Kansas City, Mo. Not a beep. Mindy Walker stretched her long radio signal receiver out across the rocky den, waving it here and there.
Not a beep.
Nor a buzz, the sound of an aggravated timber rattlesnake.
Walker could only surmise that the last of the snakes' batteries were dead, not surprising after 48 months. She hoped, at least, that the snakes weren't.
Four years ago, the serpents were surgically implanted with radio transmitters, letting researchers track them as late as last summer. Now only silence greets the Rockhurst University assistant professor of biology amid the rocks.
So ends the Lenexa rattlesnake relocation project.

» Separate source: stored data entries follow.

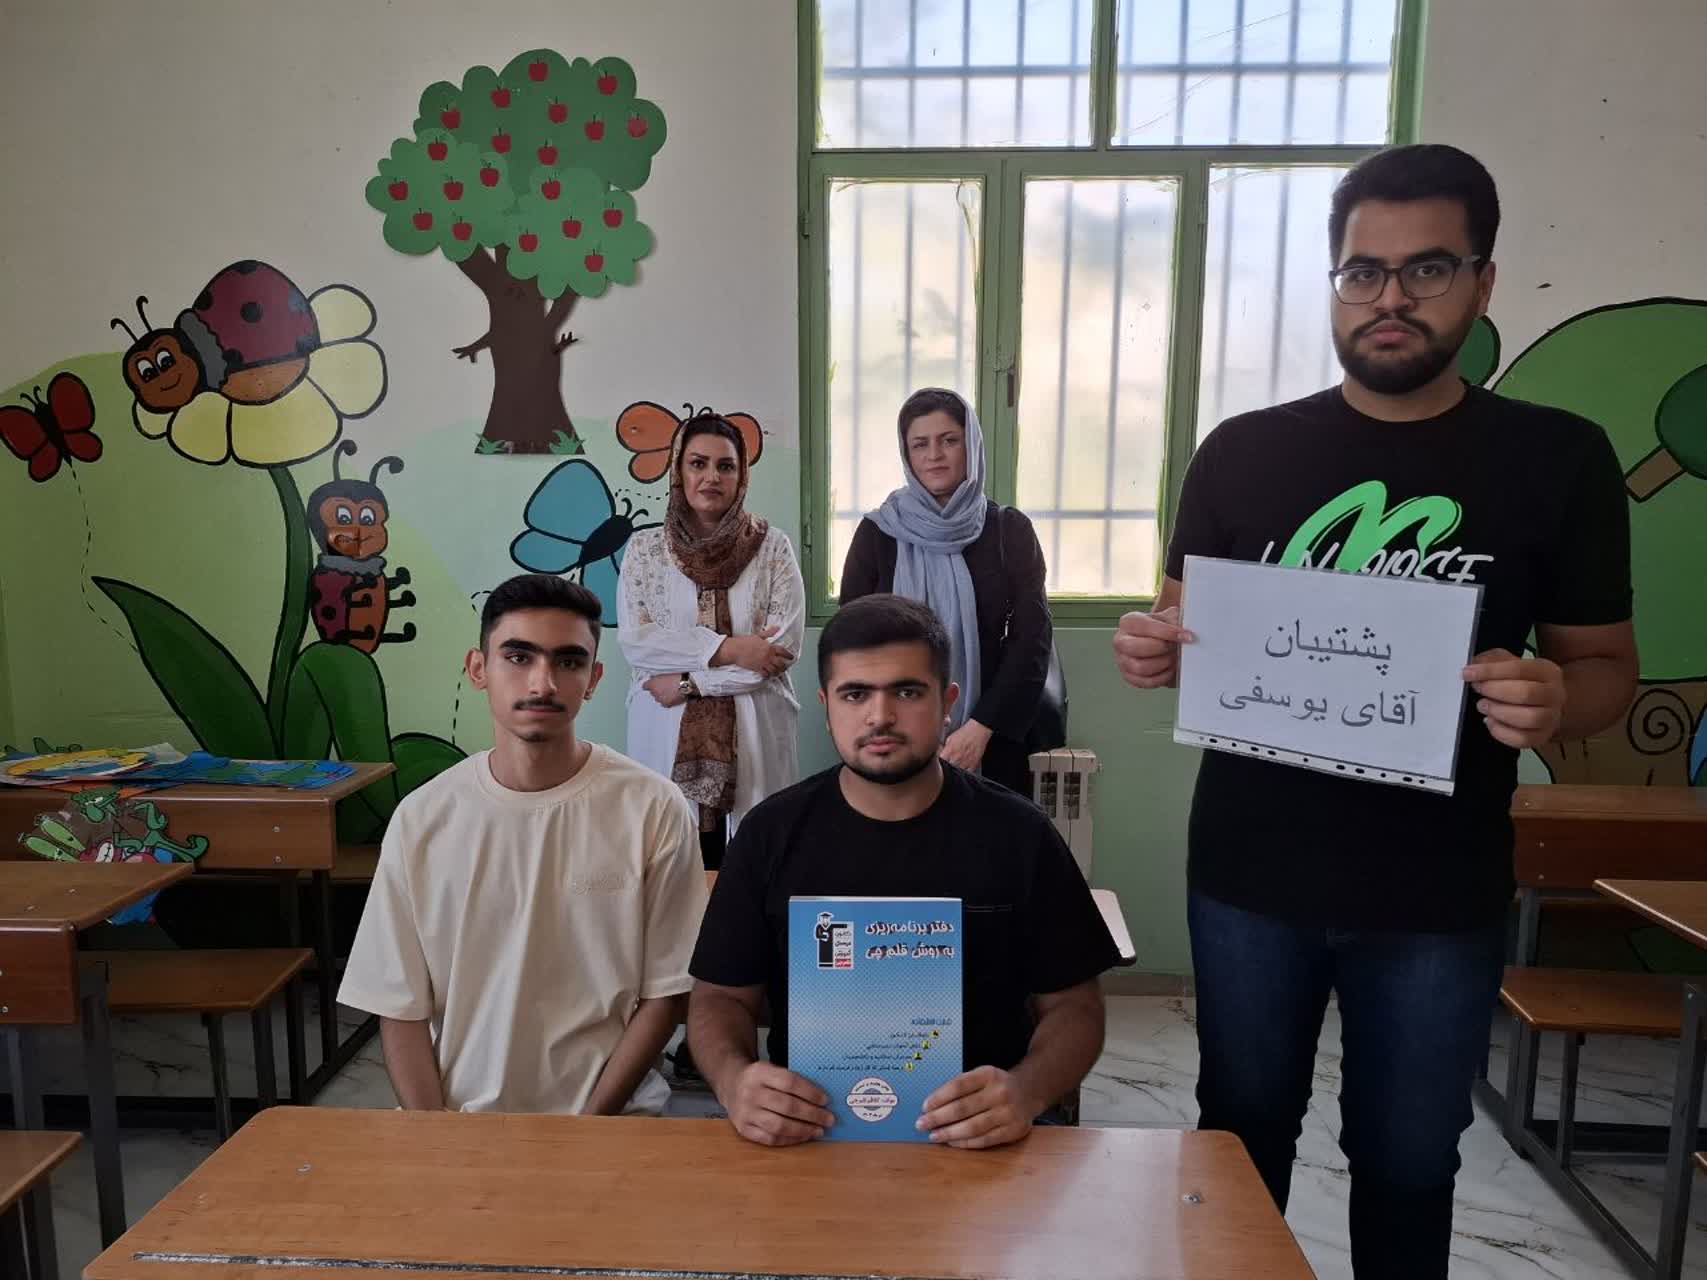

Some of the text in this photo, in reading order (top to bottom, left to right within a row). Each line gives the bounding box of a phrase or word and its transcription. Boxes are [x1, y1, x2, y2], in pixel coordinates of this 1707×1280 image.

[1265, 619, 1392, 676] پشتیبان
[1219, 676, 1420, 727] آقای یوسفی
[930, 920, 955, 936] دفتر
[886, 943, 908, 959] قلم
[911, 942, 940, 959] روش
[942, 945, 955, 959] به

It began in the spring of 2007 after residents began seeing an increasing number of rattlesnakes in their neighborhoods.
One den wove through a massive pile of concrete and asphalt road rubble near Kansas 7 and 95th Street.
"I just saw a bunch of rattlesnakes lying around," recalled city construction inspector Mike Shipman, who was checking on the site, which was slated for a never-built Target. He called Animal Control.
"I told them, 'I think I found out where your snakes are coming from.' "
For some, the first thought is to kill them. For others, it might be to give them an escort out of town.
Without question, rattlesnakes have a bad reputation among humans. For many, just the sight of one of these heat-sensing vipers with its large, angular head and black or brown chevron shapes conjures up a paralyzing fear or a violent reaction.
They even spooked Indiana Jones.
But Walker and others are not so ophidiophobic.
The first clue is when Walker calls timber rattlers "the puppy dogs of the rattlesnake world."
The Kansas Department of Wildlife and Parks has warm feelings too, listing them among the "species in need of conservation" — animals that cannot be hunted or killed unless they are threatening to attack.
But the little rattlers, living and let living for as long as 20 to 25 years, are mild-mannered.
"Timbers will rarely rattle, let alone strike. It takes a lot of energy to strike," Walker said, so the strike is saved for hunting and feeding. "Their first line of defense is to blend in."
Walker thinks the relocation project was unprecedented — moving an entire nest of dozens to save them from ultimately fatal contact with humans.
Herpetologists and wildlife specialists from five surrounding states converged to help Walker and her research partner, retired KU professor George Pisani, now an adjunct with the Kansas Biological Survey.
"Our initial intent was to save as many as we could catch and move them," Walker said.
However, these were not a few slithering singles, but a serpent community, established over a decade.
"Snakes have family groups, are familiar with one another, and they recognize their den mates," said Walker.
"We saw an opportunity to test a new model of conservation — keep as many snakes from a single population together and move them to a suitable area. Our hope was that they could re-establish their same population somewhere else."
The first spring after their discovery, a host of volunteers clutching grabbers snatched the emerging snakes and stuffed them into buckets.
"I think I caught 20 by myself," Shipman said.
Many were kept at the Lenexa Police Department while Walker and Pisani implanted the transmitters.
Eventually, Pisani found a new den, the location a well-kept secret.
"We herded them one by one in the new den," he said. "I mean we literally shooed them into the hole."
The biggest worry was cold weather. If the habitat around the new den was too different, the serpents could die underground in hibernation.
"It was risky," Walker said. "We didn't know if they would survive the winter. When they did, when we heard the first signal, we were jumping up and down, elated."
Not all survived. One, in shallow hibernation, froze. A raptor got another — the transmitter was found under a shade tree.
Pisani said Lenexa hasn't had any rattlesnake problems since the relocation.
Today, Walker is known in the animal conservation kingdom for the successful relocation. She and her college student assistants have traveled the country telling the story. It has showed up in scientific journals such as the International Reptile Conservation Foundation.
Walker gets calls from across the country "wanting to know how we did it." Usually, she said, when a rattlesnake is found in a residential area, it's just moved about a mile away.
But before you plop one in your Prius for a spin, listen to the snake lady.
"It doesn't work," Walker said. "They will just follow their own scent right back home."